STATE OF SOUTH CAROLINA, COUNTY OF RICHLAND
WAIVER OF LIABILITY, RELEASE, COVENANT NOT TO SUE; HOLD HARMLESS AND INDEMNIFICATION AGREEMENT
For and in consideration of my participation in one or more programs or use of the facilities and equipment at the Sen. Isadore E. Lourie Center (Lourie Center), the receipt and sufficiency of which is hereby acknowledged, I, the undersigned, in full recognition and understanding of the dangers and the risks inherent in participating in such programs or using such facilities and equipment by myself or others, do hereby for myself, my family members, heirs, assigns, and personal representatives, agree to and do hereby fully release, discharge, and forever hold harmless, covenant not to sue and indemnify the Sen. Isadore E. Lourie Center (Lourie Center), its Board of Directors, agents, and employees from and against any lawsuits, claims, demands, liabilities, costs, attorney fees and expenses or damages to my property or person of any nature whatsoever, including but not limited to personal illness, injury, or death, which in any way result from or arise out of my participation in the programs or use of such facilities and equipment.
I am fully aware of the risks and hazards connected with my participation in the programs or use of the facilities and equipment, and I hereby elect to participate and/or make use thereof. I further declare that I am physically fit and fully capable of participating in the programs or using the facilities or equipment.
I agree to fully adhere to all rules and regulations of the Sen. Isadore E. Lourie Center (Lourie Center) while participating in the programs or making use of the facilities or equipment. I recognize that rules and regulations may be modified in response to external events that affect the Lourie Center and will abide by all changes accordingly. I agree that the Board of Directors or its agent, in its sole discretion, may revoke my membership in the Sen. Isadore E. Lourie Center (Lourie Center) for my failure to abide by any rule or regulation. I understand that membership dues will not be refunded, in whole or in part, if my membership is revoked.
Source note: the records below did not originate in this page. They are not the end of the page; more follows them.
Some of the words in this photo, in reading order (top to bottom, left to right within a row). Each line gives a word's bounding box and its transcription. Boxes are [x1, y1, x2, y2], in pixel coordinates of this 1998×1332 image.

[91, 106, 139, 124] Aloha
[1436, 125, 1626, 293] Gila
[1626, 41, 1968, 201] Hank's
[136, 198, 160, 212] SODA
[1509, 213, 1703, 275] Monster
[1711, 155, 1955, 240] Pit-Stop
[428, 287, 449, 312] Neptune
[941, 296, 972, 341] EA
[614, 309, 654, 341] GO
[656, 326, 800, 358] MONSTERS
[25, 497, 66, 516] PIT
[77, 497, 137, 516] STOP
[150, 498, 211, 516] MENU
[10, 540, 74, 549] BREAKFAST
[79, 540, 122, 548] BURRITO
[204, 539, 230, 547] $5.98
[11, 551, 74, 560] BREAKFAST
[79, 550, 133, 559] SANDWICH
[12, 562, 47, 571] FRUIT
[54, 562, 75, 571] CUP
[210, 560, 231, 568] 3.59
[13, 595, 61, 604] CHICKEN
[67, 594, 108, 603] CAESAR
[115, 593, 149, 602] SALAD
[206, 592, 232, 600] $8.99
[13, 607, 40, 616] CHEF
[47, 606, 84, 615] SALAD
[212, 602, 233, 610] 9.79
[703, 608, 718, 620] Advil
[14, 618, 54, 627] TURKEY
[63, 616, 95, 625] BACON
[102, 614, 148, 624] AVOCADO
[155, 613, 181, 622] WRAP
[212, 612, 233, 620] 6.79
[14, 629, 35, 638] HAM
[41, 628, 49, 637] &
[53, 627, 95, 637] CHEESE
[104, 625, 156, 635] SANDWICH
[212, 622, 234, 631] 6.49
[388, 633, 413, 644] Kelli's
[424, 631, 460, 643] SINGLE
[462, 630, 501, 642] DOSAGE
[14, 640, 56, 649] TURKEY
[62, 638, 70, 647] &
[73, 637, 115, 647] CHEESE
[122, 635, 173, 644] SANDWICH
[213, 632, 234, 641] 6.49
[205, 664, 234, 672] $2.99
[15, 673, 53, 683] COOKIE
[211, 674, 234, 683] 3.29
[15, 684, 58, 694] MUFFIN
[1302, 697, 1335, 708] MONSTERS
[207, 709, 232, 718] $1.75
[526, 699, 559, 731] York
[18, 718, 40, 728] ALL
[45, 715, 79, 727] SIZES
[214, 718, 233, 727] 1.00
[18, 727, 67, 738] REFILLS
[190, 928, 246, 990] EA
In case of accident or injury I give the Sen. Isadore E. Lourie Center (Lourie Center) agents, and employees permission to administer first aid, if it can be accomplished safely, or arrange for transportation to a medical facility. The Sen. Isadore E. Lourie Center (Lourie Center) or its agents and employees are authorized to arrange for any necessary emergency treatment that I may need during my participation in the programs or while using the facilities and equipment. I agree to be responsible for all costs associated with such services.
I recognize that by signing this document, I am giving up, among other things, my right to sue the Sen. Isadore E. Lourie Center, its Board of Directors, its agents and employees for injuries, damages, or losses that occur as a result of my participation in the programs or use of the facilities and equipment. It is my express intent that this document binds the members of my family, my heirs, and personal representatives and assigns, as well as myself.
By signing this document, I acknowledge that: (1) I have read this document in its entirety, I understand it, and I sign it voluntarily as my own free act and deed; (2) no oral representations, statements, or inducements apart from the foregoing written agreement, have been made to me; (3) I am at least eighteen years of age and fully competent; (4) I execute this document for full, adequate, and complete consideration fully intending to be bound by the same.